The researchers' dream is to build chips that will mimic the human spinal cord, filling in gaps in the nervous tissue after a spinal-cord injury.
"But that's 15 to 20 years away," he says.
Robotics will be the first field to benefit from this research. Imagine bipedal robots that walk as naturally and smoothly as humans.
"We hope to take what we learn from fish and then make robots that can move the same way," Dr. Etienne-Cummings says.
Unlike the digital chips we rely on today, neurobiologically inspired circuits represent a continuum of values not possible when using 0s and 1s as codes. This provides smoother, human-like movement. Imagine using this technology, for example, with amputees who need a reconstructed lower limb that will receive smooth, continuous signals from hips and thighs to move up or down, bend, or stretch. Or conversely, he says, "imagine leg braces or boots that enable the wearer to run faster, jump higher, and dunk like Michael Jordan!"

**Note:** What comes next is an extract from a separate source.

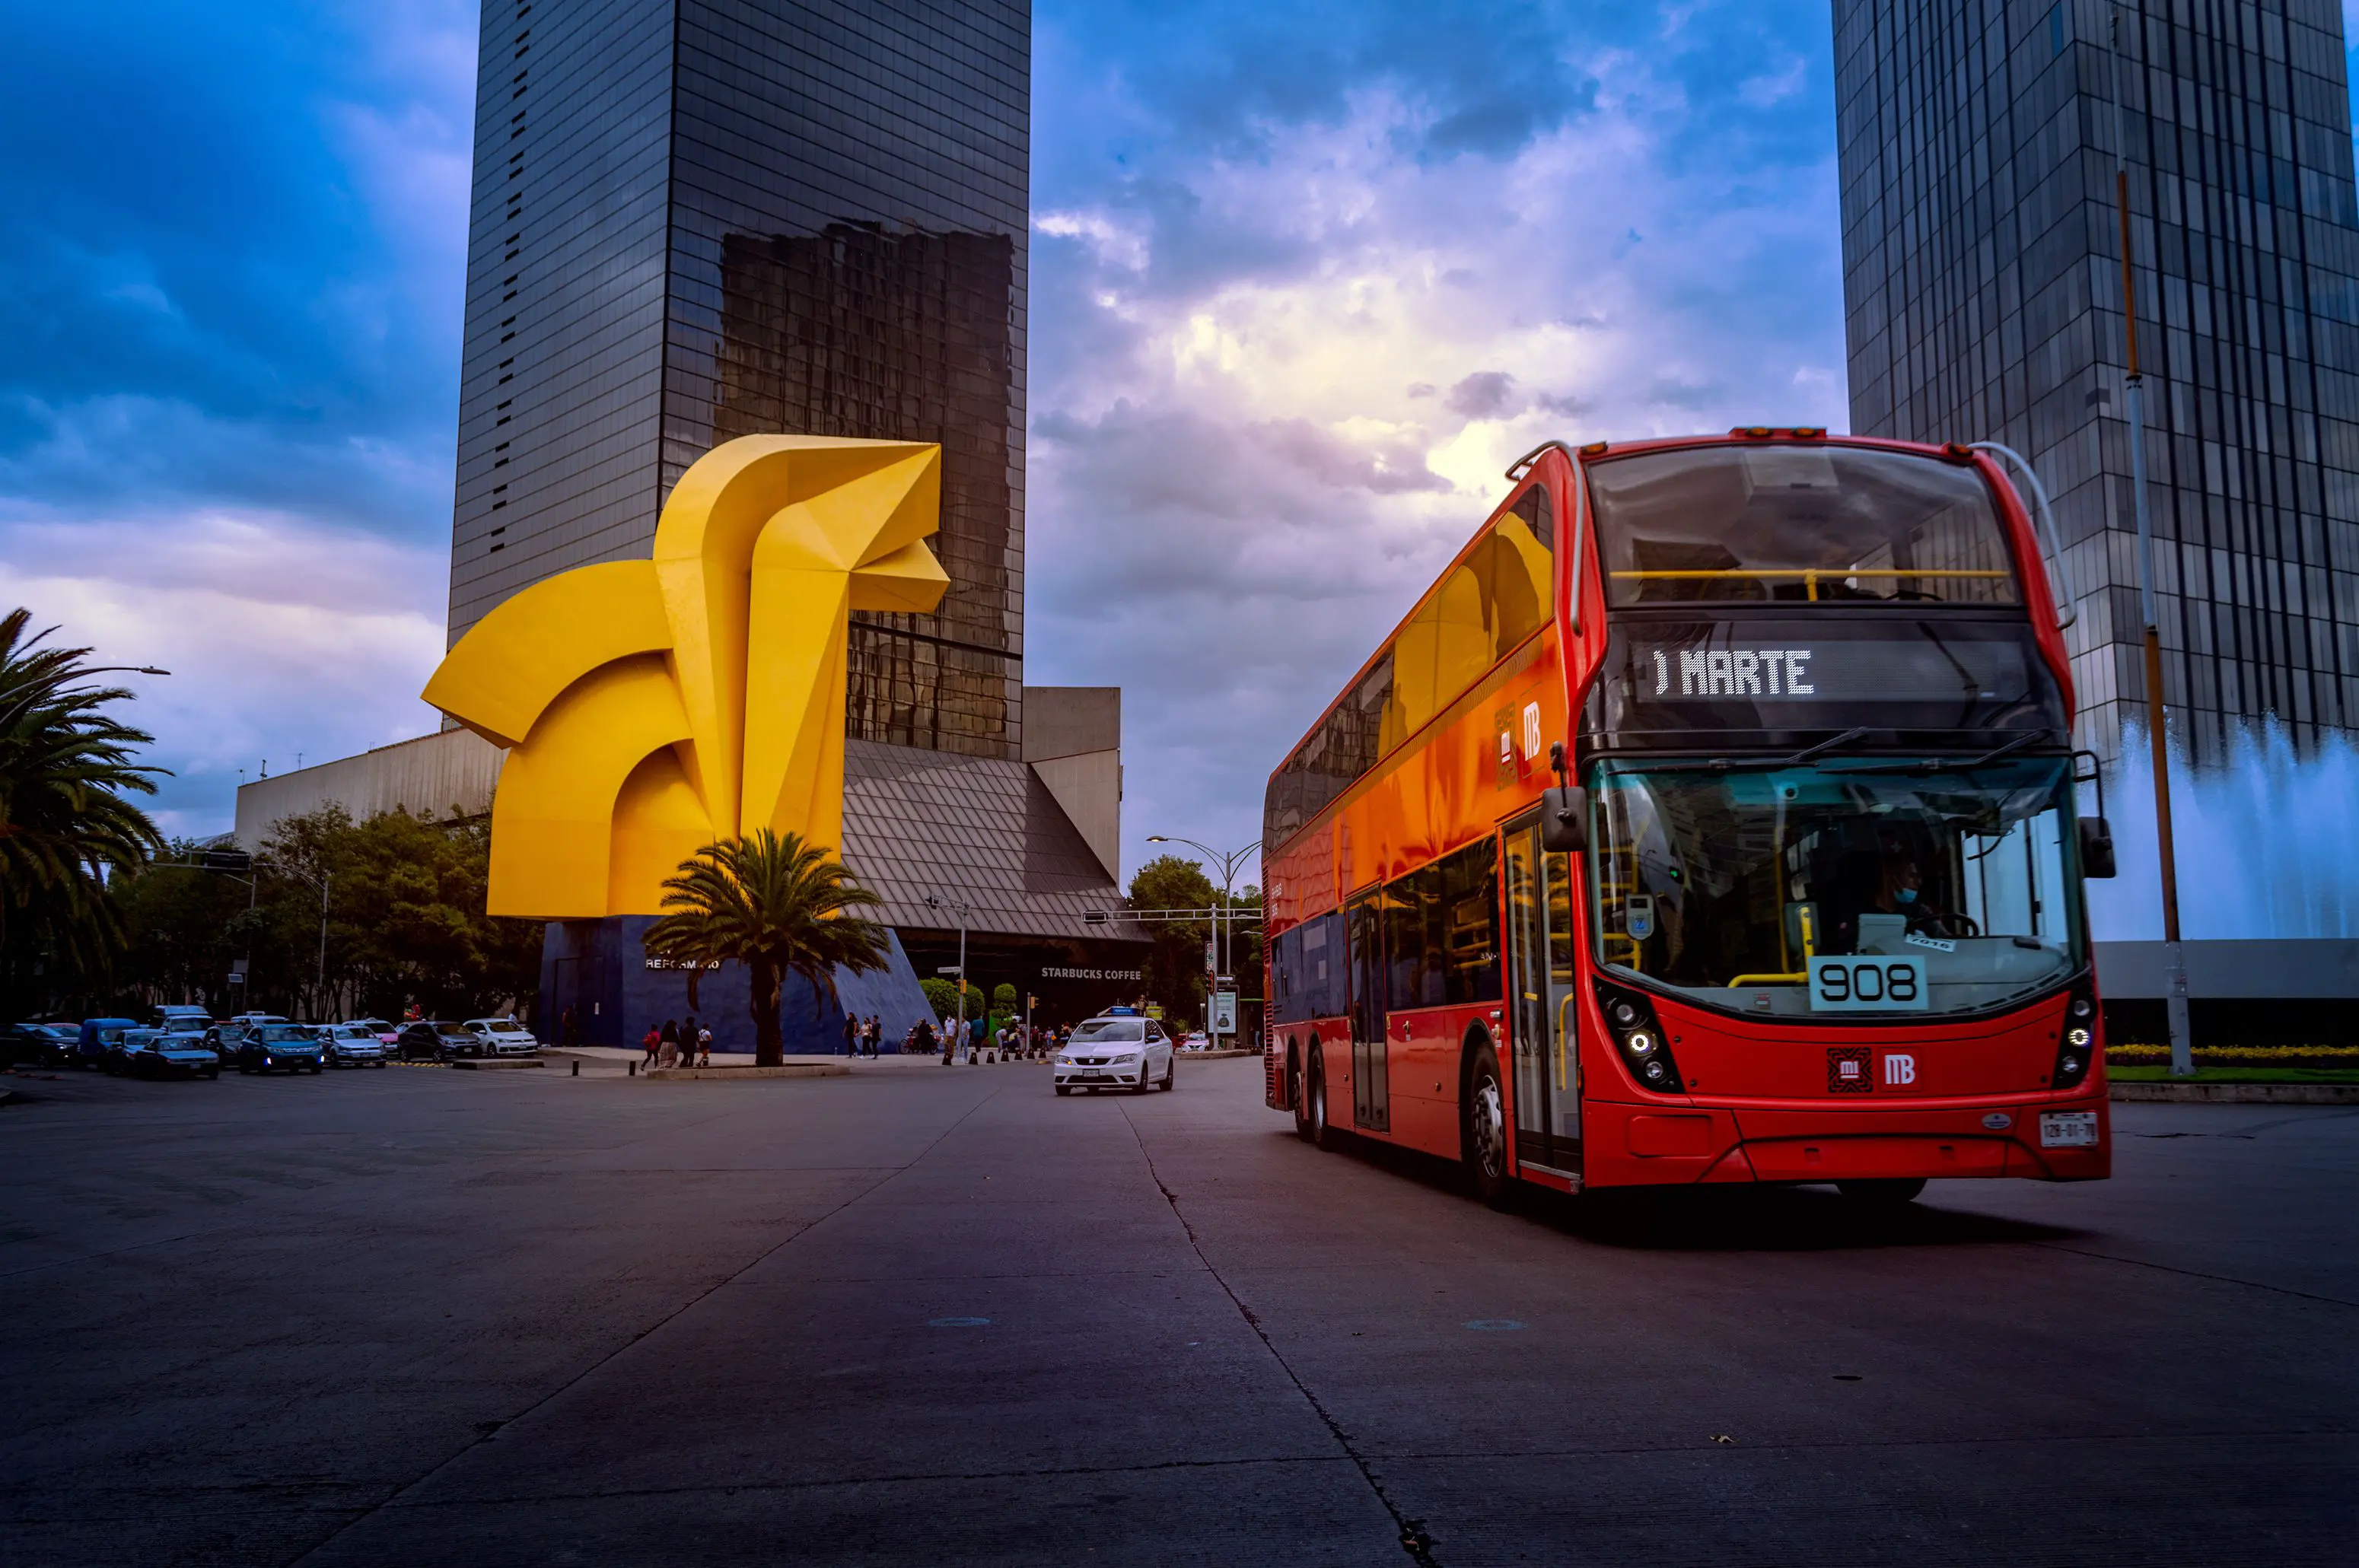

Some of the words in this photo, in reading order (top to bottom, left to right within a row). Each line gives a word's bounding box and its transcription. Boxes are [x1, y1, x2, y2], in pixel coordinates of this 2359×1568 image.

Dr. Etienne-Cummings developed an early interest in understanding how things work."I was always good at math and interested in physics," he remembers.
He studied how transistors work while he was an undergraduate in physics at Lincoln University, an historically Black school in Pennsylvania. From there, he went on to the University of Pennsylvania to study engineering, ultimately receiving his Ph.D. with a special interest in integrated circuits.
Ralph Etienne-Cummings moved to England at the age of 12 and, at 18, came to America with his mother and father. But he has not forgotten the sandy beaches and rugged cliffs of Seychelles, and he has never lost his youthful interest in understanding exactly how things work.